Print the data once more, exactly as supplied.

Saved entries
──────

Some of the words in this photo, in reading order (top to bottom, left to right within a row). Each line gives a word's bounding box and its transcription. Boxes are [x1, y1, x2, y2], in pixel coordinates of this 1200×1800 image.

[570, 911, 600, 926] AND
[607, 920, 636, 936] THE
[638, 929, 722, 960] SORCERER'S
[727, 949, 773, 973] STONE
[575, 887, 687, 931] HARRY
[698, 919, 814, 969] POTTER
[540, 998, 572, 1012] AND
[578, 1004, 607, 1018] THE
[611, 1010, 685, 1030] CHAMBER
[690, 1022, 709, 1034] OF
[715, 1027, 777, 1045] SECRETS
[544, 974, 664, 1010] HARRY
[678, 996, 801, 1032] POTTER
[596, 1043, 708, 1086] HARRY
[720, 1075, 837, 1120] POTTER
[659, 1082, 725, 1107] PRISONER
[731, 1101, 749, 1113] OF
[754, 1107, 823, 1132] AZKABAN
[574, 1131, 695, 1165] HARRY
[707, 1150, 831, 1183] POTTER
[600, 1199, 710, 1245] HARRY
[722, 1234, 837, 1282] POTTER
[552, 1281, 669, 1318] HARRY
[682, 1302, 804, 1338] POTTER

──────

_EXERCISE ANSWER_:
Some of the words in this photo, in reading order (top to bottom, left to right within a row). Each line gives a word's bounding box and its transcription. Boxes are [x1, y1, x2, y2], in pixel coordinates of this 1200×1800 image.

[570, 911, 600, 926] AND
[607, 920, 636, 936] THE
[638, 929, 722, 960] SORCERER'S
[727, 949, 773, 973] STONE
[575, 887, 687, 931] HARRY
[698, 919, 814, 969] POTTER
[540, 998, 572, 1012] AND
[578, 1004, 607, 1018] THE
[611, 1010, 685, 1030] CHAMBER
[690, 1022, 709, 1034] OF
[715, 1027, 777, 1045] SECRETS
[544, 974, 664, 1010] HARRY
[678, 996, 801, 1032] POTTER
[596, 1043, 708, 1086] HARRY
[720, 1075, 837, 1120] POTTER
[659, 1082, 725, 1107] PRISONER
[731, 1101, 749, 1113] OF
[754, 1107, 823, 1132] AZKABAN
[574, 1131, 695, 1165] HARRY
[707, 1150, 831, 1183] POTTER
[600, 1199, 710, 1245] HARRY
[722, 1234, 837, 1282] POTTER
[552, 1281, 669, 1318] HARRY
[682, 1302, 804, 1338] POTTER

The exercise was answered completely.